Activity -> Leave out the pictures and retype everything else in the records below exactly.

#####

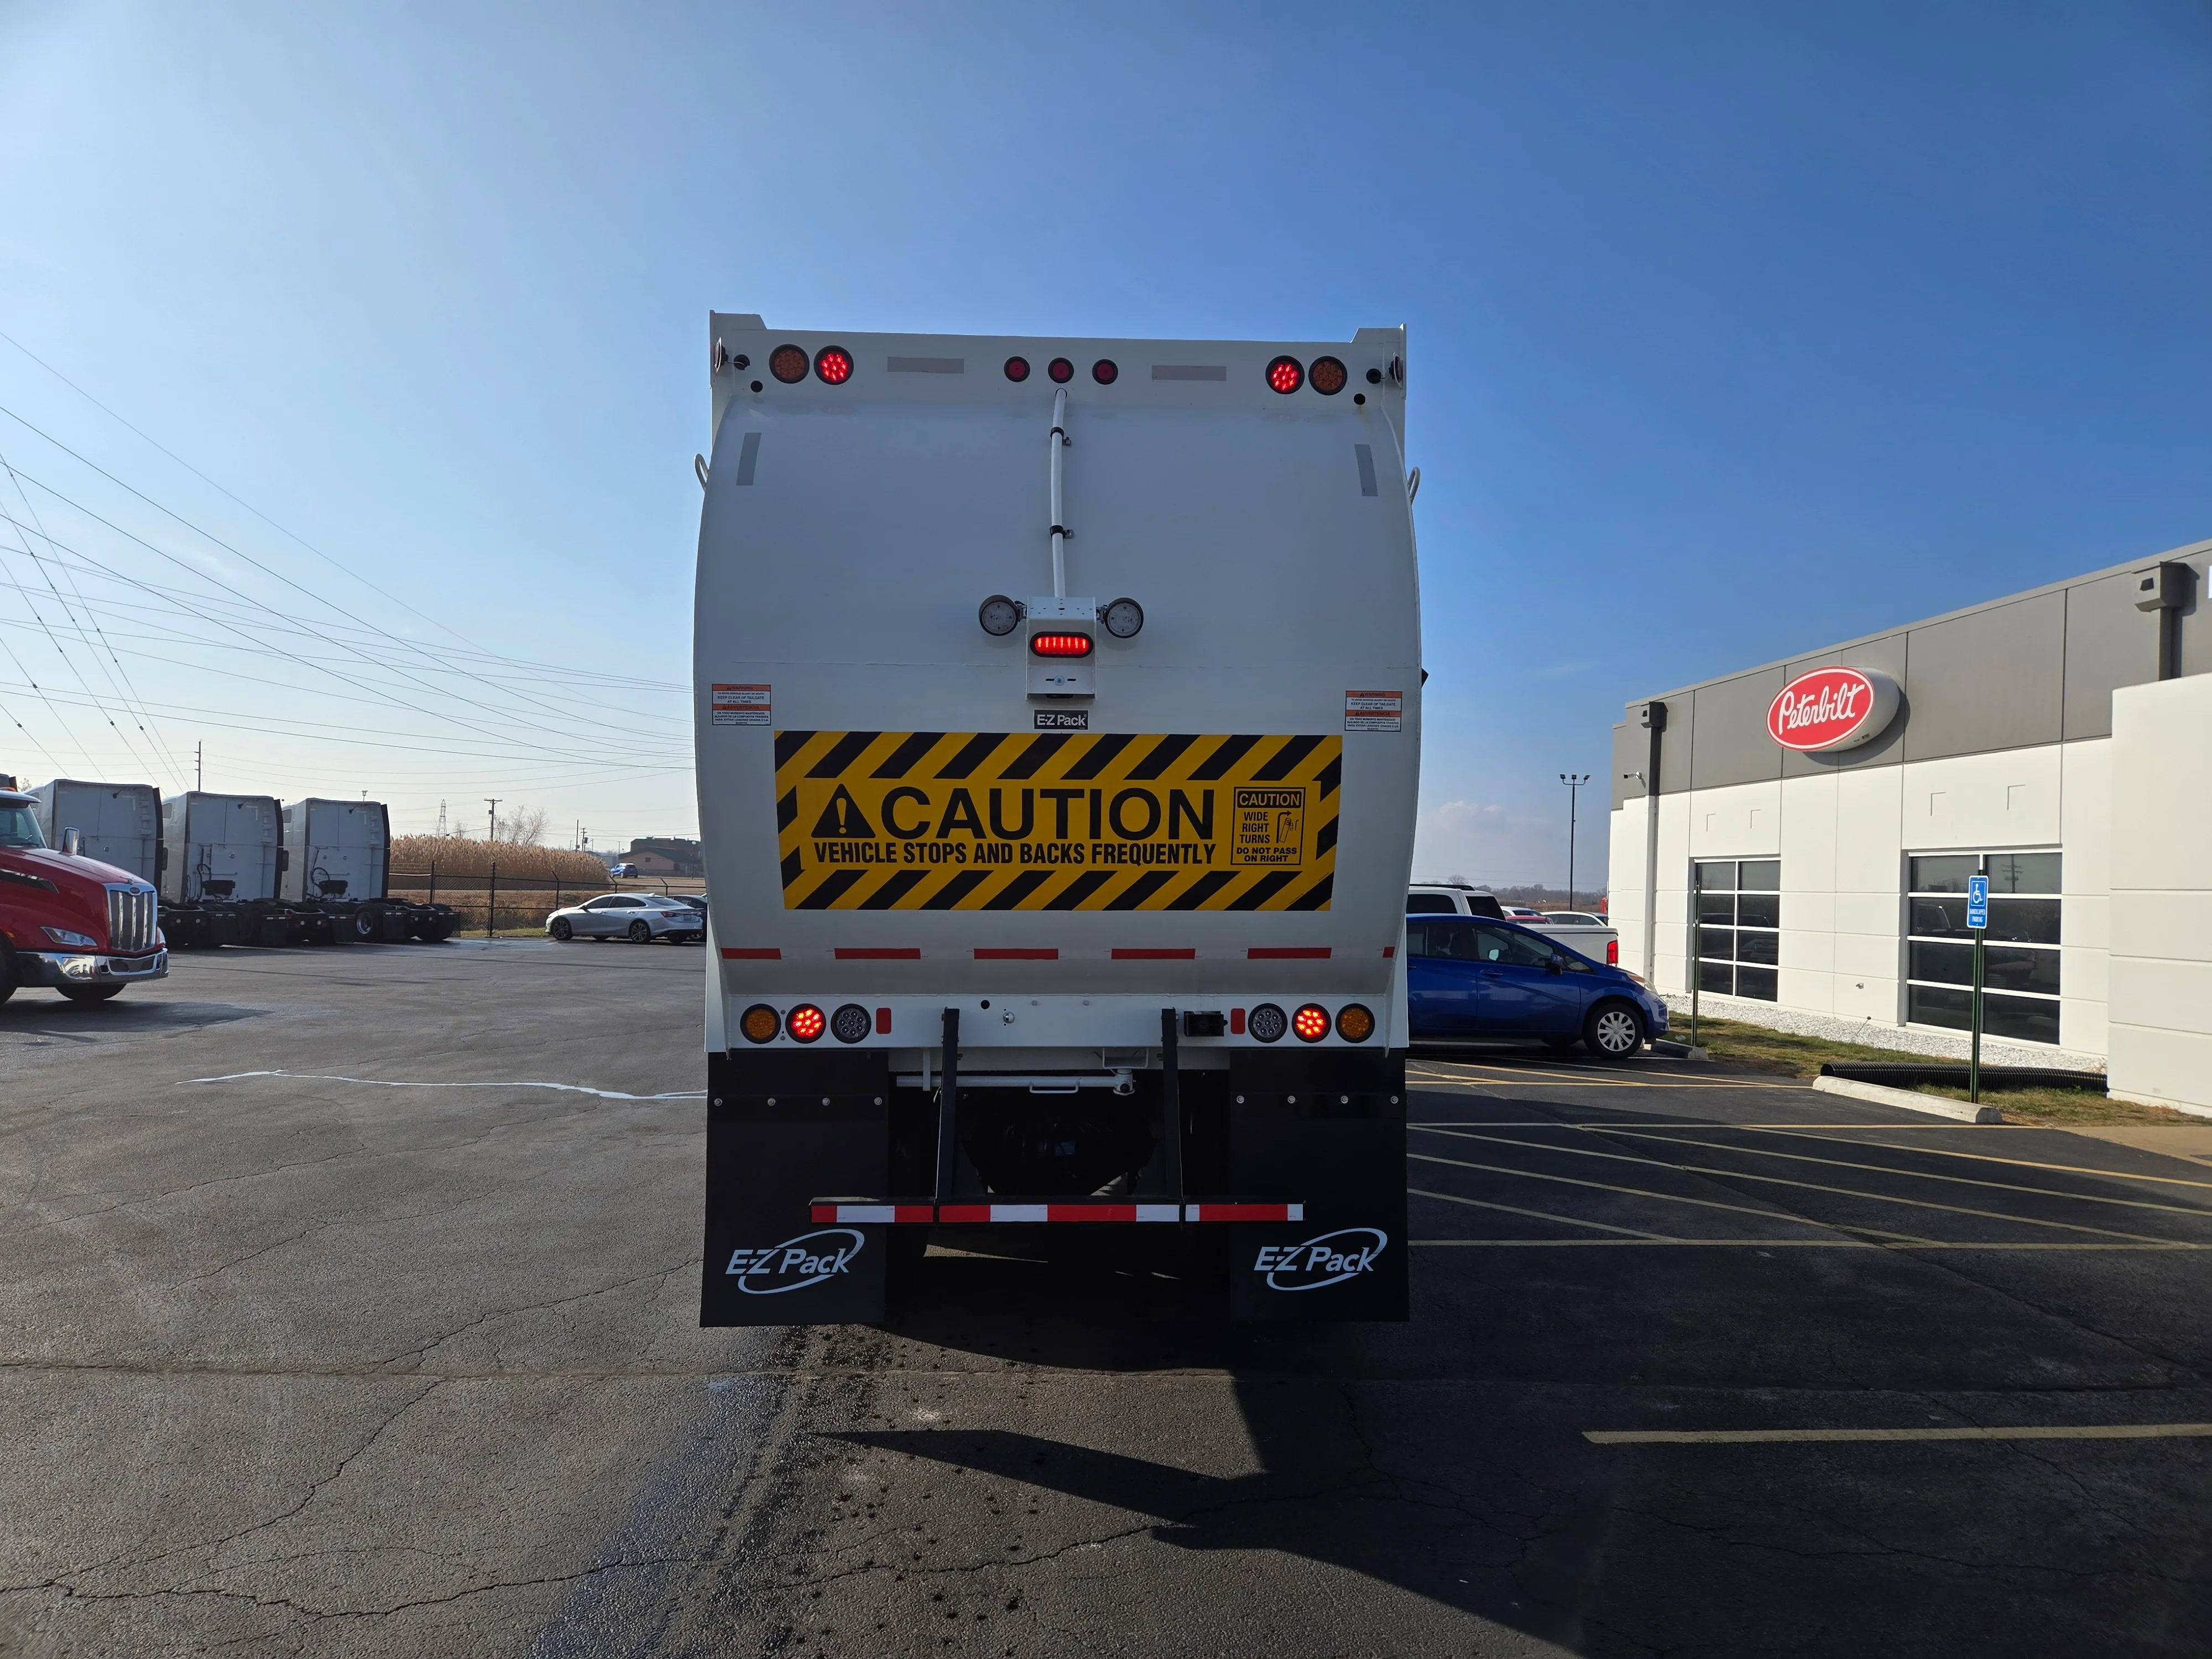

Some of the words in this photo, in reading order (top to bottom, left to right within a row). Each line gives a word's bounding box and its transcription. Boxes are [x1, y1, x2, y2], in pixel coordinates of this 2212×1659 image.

[1778, 682, 1865, 735] Peterbilt
[1037, 714, 1055, 725] E-Z
[1057, 714, 1086, 726] Pack
[1239, 793, 1300, 806] CAUTION
[881, 786, 1214, 841] CAUTION
[1244, 812, 1268, 821] WIDE
[1242, 823, 1269, 832] RIGHT
[1239, 834, 1270, 843] TURNS
[814, 842, 898, 863] VEHICLE
[903, 842, 967, 864] STOPS
[973, 843, 1013, 864] AND
[1020, 843, 1085, 864] BACKS
[1092, 843, 1217, 867] FREQUENTLY
[725, 1249, 780, 1274] E-Z
[779, 1248, 849, 1274] Pack
[1254, 1246, 1306, 1271] E-Z
[1305, 1247, 1374, 1271] Pack

#####

Response to the exercise ->
Some of the words in this photo, in reading order (top to bottom, left to right within a row). Each line gives a word's bounding box and its transcription. Boxes are [x1, y1, x2, y2], in pixel coordinates of this 2212×1659 image.

[1778, 682, 1865, 735] Peterbilt
[1037, 714, 1055, 725] E-Z
[1057, 714, 1086, 726] Pack
[1239, 793, 1300, 806] CAUTION
[881, 786, 1214, 841] CAUTION
[1244, 812, 1268, 821] WIDE
[1242, 823, 1269, 832] RIGHT
[1239, 834, 1270, 843] TURNS
[814, 842, 898, 863] VEHICLE
[903, 842, 967, 864] STOPS
[973, 843, 1013, 864] AND
[1020, 843, 1085, 864] BACKS
[1092, 843, 1217, 867] FREQUENTLY
[725, 1249, 780, 1274] E-Z
[779, 1248, 849, 1274] Pack
[1254, 1246, 1306, 1271] E-Z
[1305, 1247, 1374, 1271] Pack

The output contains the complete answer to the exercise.